Sadly, I think, this pledge died with the president in Dallas. And if what I have witnessed in DRC is forty years of our “best effort”, then this beautiful country and its 70 million souls are surely doomed. Without strategic location, without oil, and without purpose.

And having spent the last six months doing all that I could to “occupy” the time until my return, those at home have occupied for change. I have followed, as best I could, the events on Wall St. and across the country, and around the globe, and also the continuing revolts in the Middle East and North Africa. I have cheered them in their unbridled uprising and winced as momentum faltered and the mainstream media betrayed itself as pocket puppets to thieving tyrant masters.

Kennedy went on to say:

‘We dare not forget today that we are the heirs of that first revolution. Let the word go forth from this time and place, to friend and foe alike, that the torch has been passed to a new generation of Americans – born in this century, tempered by war, disciplined by a hard and bitter peace, proud of our ancient heritage – and unwilling to witness or permit the slow undoing of those human rights to which this nation has always been committed, and to which we are committed today at home and around the world. Now the trumpet summons us again – not as a call to bear arms, though arms we need; not as a call to battle, though embattled we are – but a call to bear the burden of a long twilight struggle, year in and year out, “rejoicing in hope, patient in tribulation” – a struggle against the common enemies of man: tyranny, poverty, disease, and war itself…In the long history of the world, only a few generations have been granted the role of defending freedom in its maximum hour of danger.
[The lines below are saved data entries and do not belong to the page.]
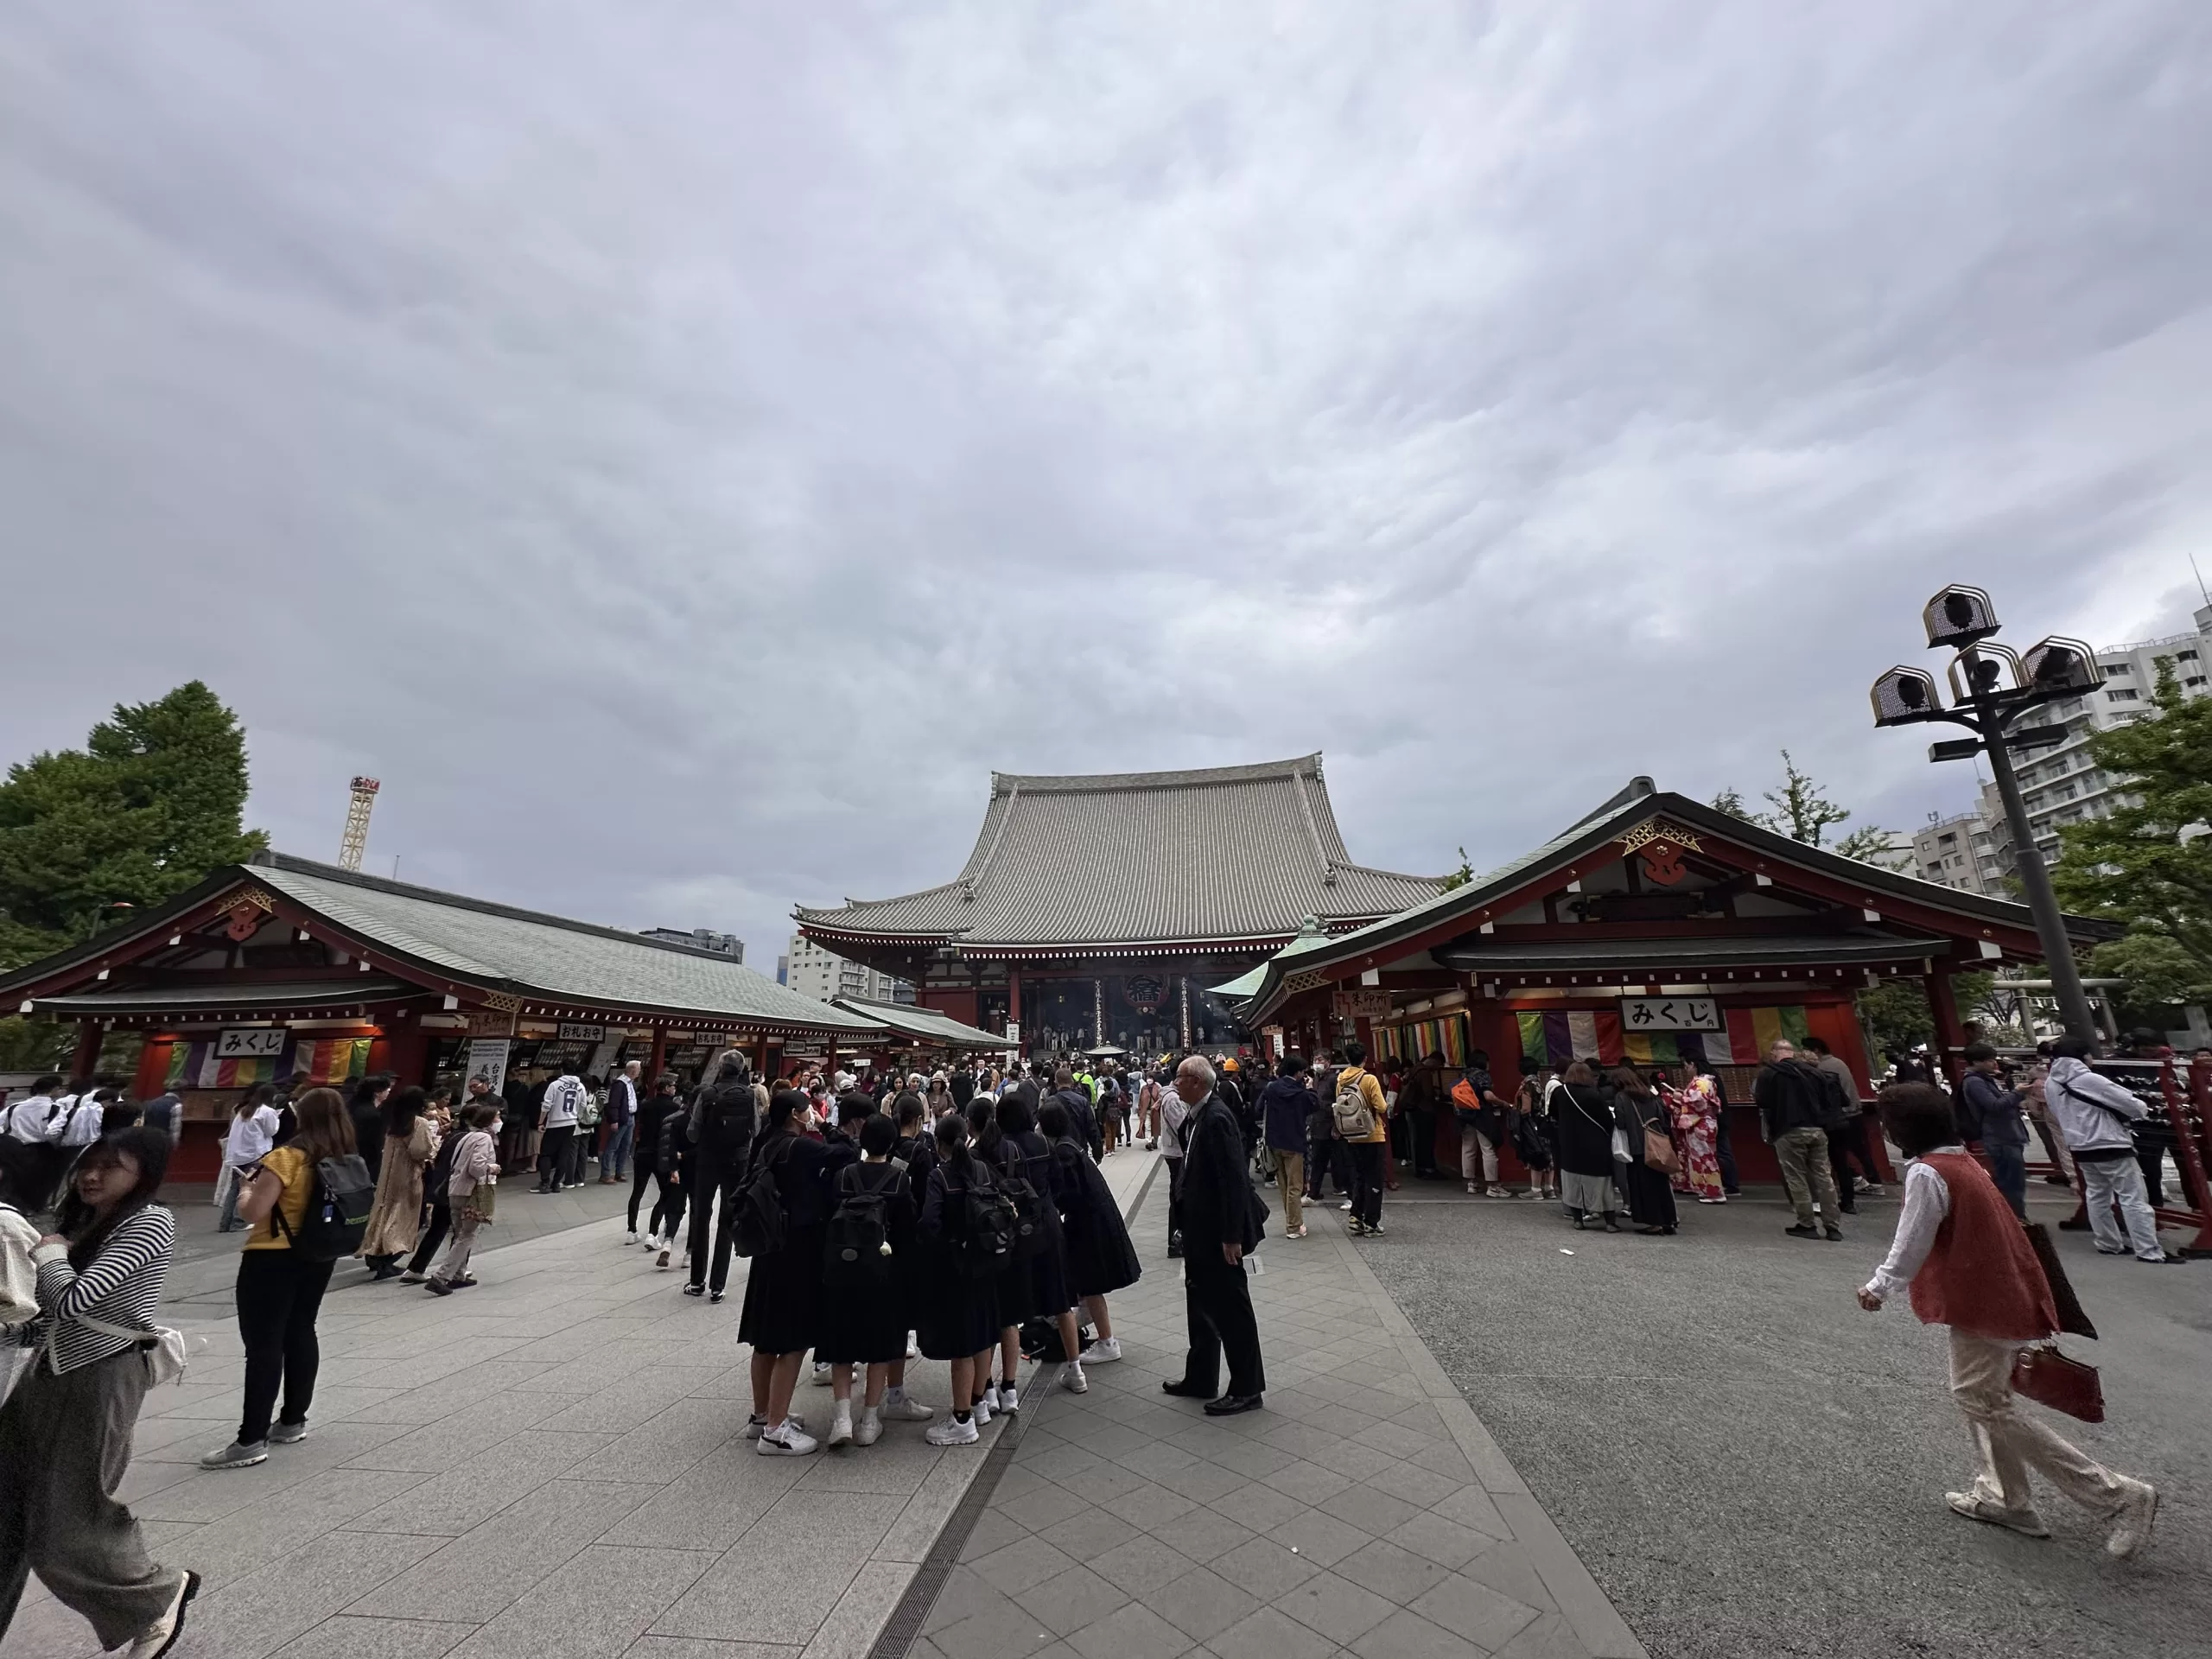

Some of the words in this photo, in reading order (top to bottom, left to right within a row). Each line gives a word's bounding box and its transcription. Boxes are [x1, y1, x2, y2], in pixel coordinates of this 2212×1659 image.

[1632, 1002, 1709, 1025] みくじ
[226, 1033, 281, 1052] みくじ
[563, 1090, 577, 1112] 6
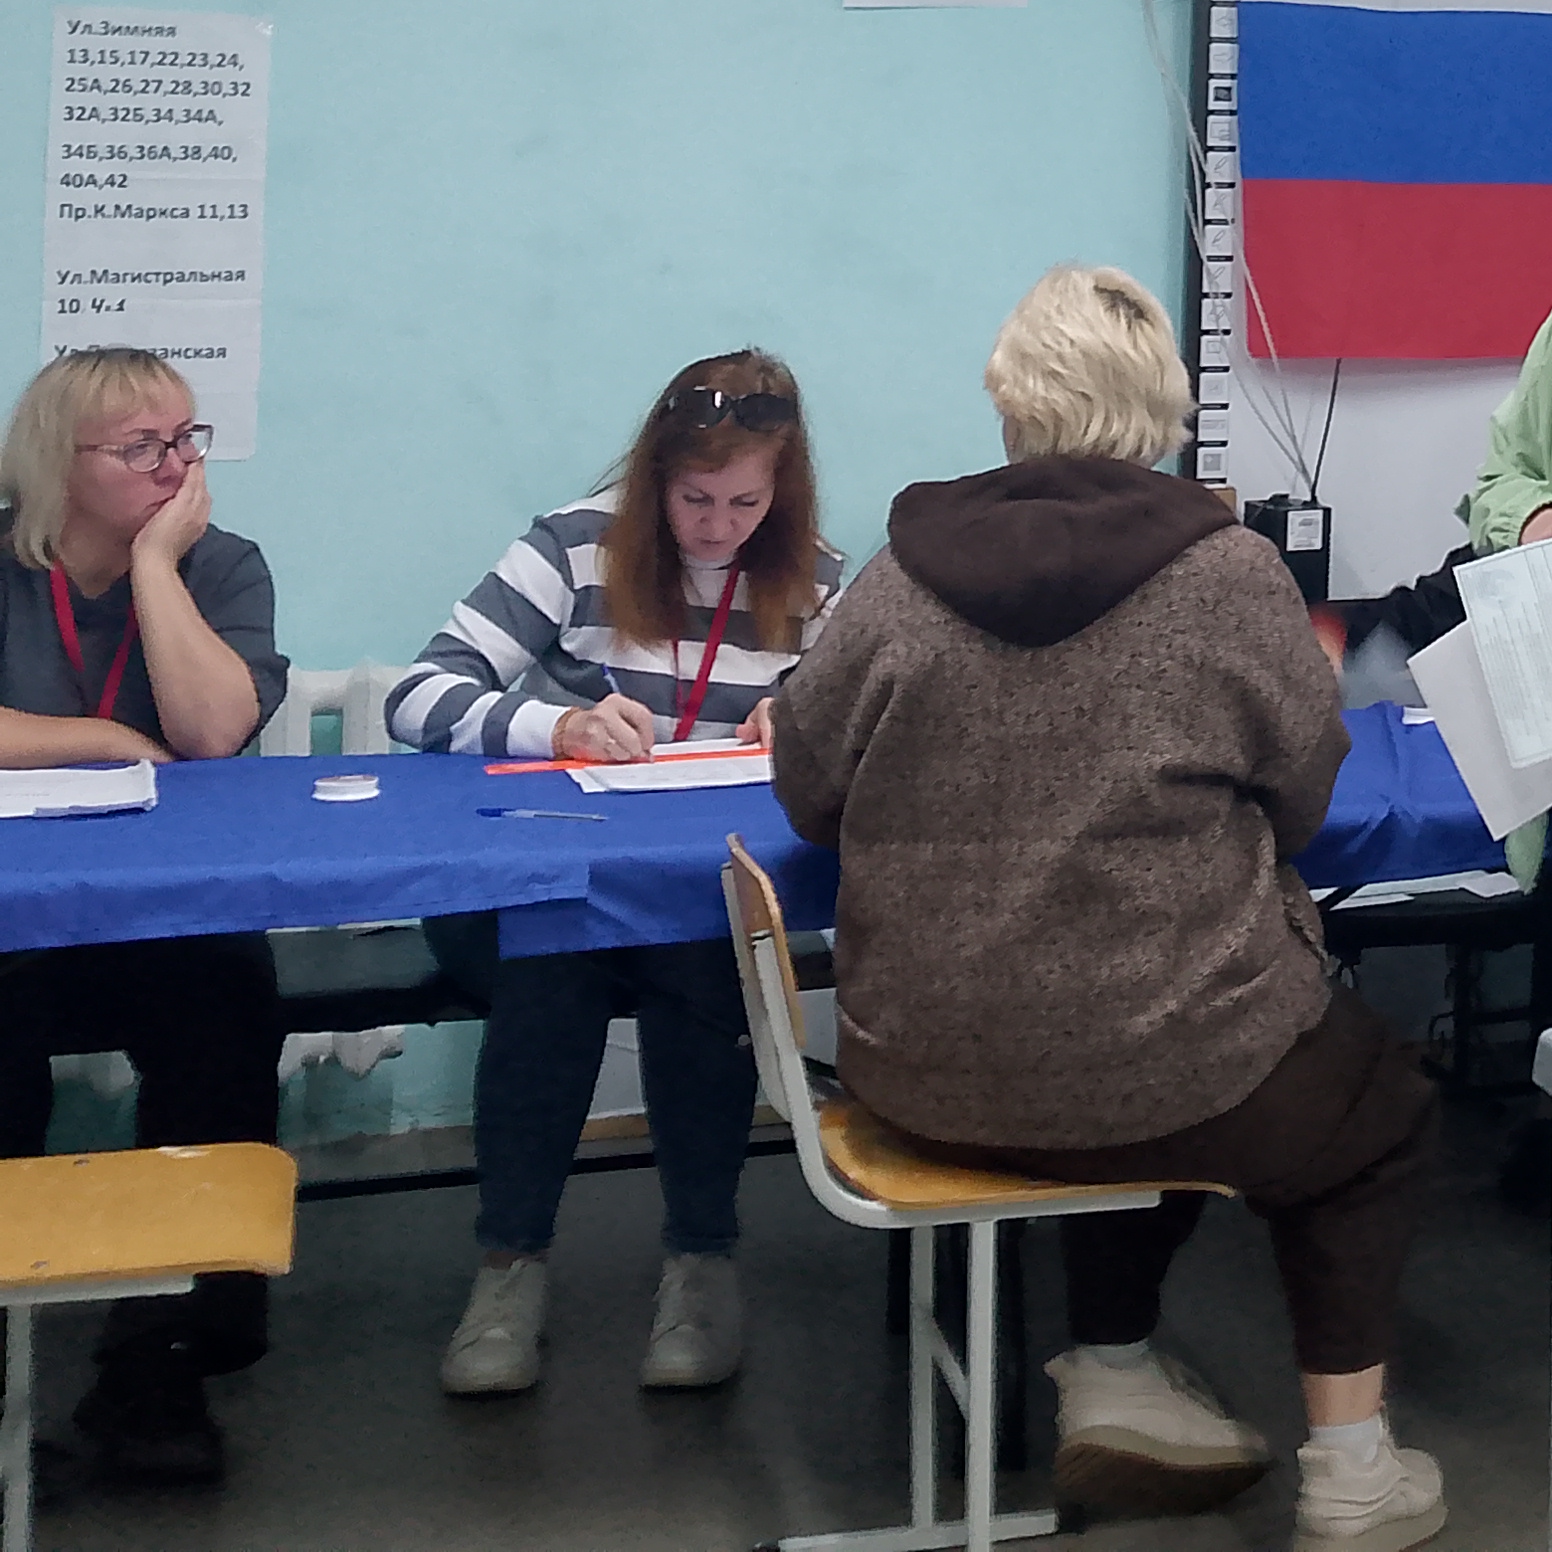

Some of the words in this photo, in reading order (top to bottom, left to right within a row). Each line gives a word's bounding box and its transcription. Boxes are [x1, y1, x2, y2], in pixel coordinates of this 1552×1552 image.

[66, 19, 178, 38] Ул.Зимняя
[66, 48, 245, 71] 13,15,17,22,23,24,
[58, 203, 191, 223] Пр.К.Маркса
[196, 204, 250, 222] 11,13
[56, 268, 246, 287] Ул.Магистральная
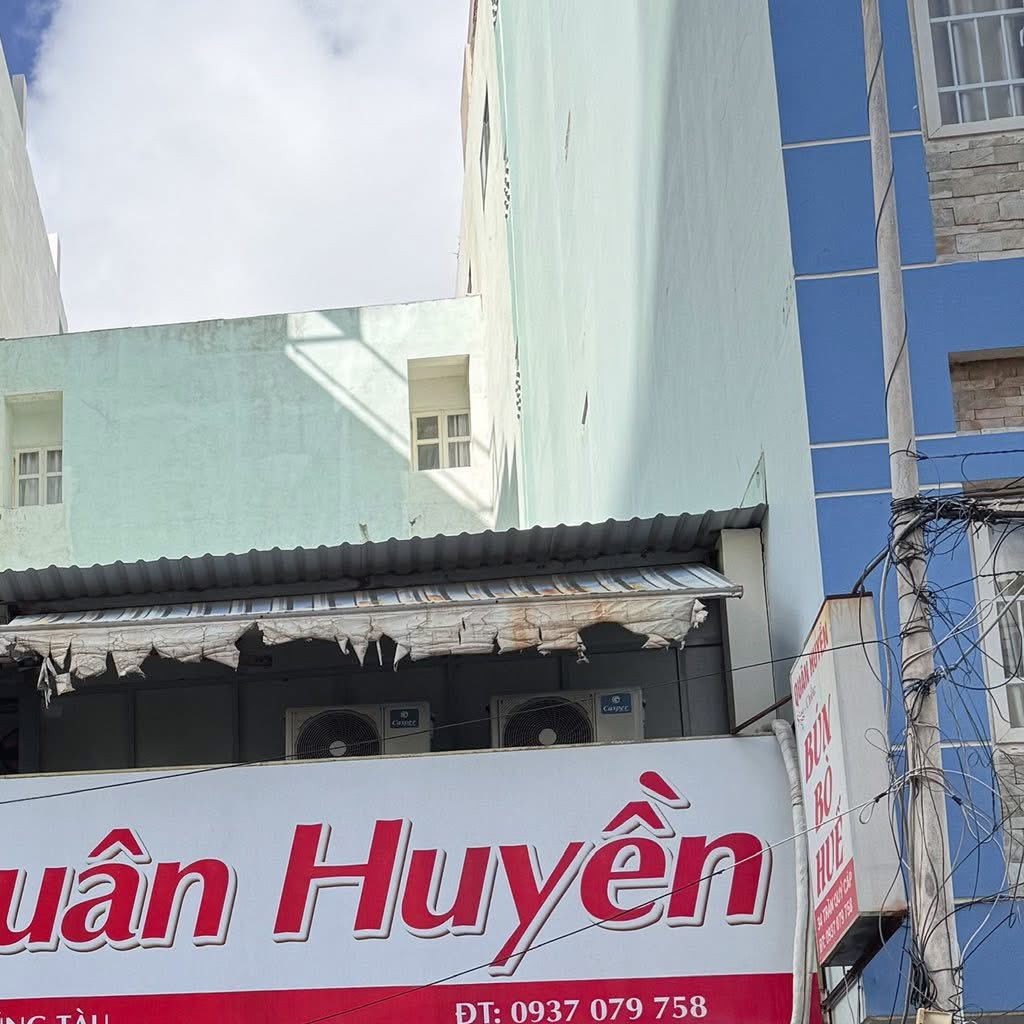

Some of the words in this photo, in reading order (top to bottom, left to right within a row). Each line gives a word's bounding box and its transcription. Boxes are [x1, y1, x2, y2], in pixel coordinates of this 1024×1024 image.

[803, 693, 833, 782] BÚN
[814, 757, 834, 832] BÒ
[273, 770, 773, 978] Huyền
[815, 794, 847, 898] HUẾ
[455, 1002, 501, 1024] ĐT:
[510, 999, 578, 1024] 0937
[589, 997, 644, 1022] 079
[653, 995, 708, 1020] 758
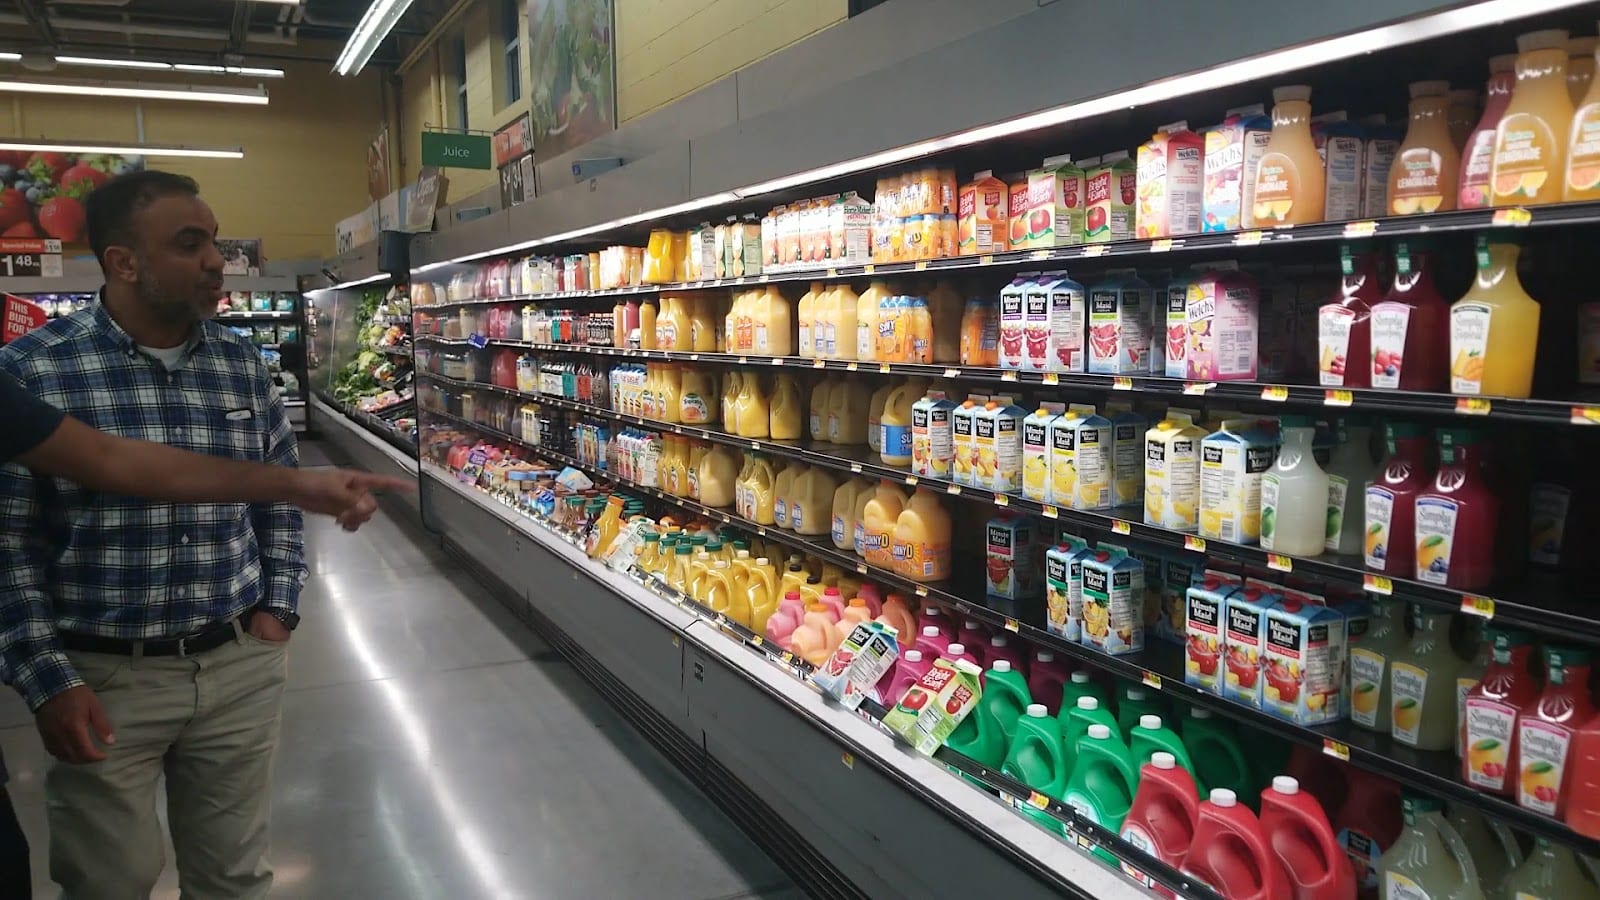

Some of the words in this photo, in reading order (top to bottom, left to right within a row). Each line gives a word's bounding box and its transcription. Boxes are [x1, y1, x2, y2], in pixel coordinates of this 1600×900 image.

I do not shank from this responsibility – I welcome it. I do not believe that any of us would exchange places with any other people or any other generation. The energy, the faith, the devotion which we bring to this endeavor will light our country and all who serve it – a glow from that fire can truly light the world.’

And then, the famous two lines – ‘Ask not what your country can do for you – ask what you can do for your country.’ What can anyone do for a country that is near ruin, that is nearly bankrupt, whose government will not govern, whose leaders will not lead?

God may choose to save America…but as for me…I am Occupying Africa.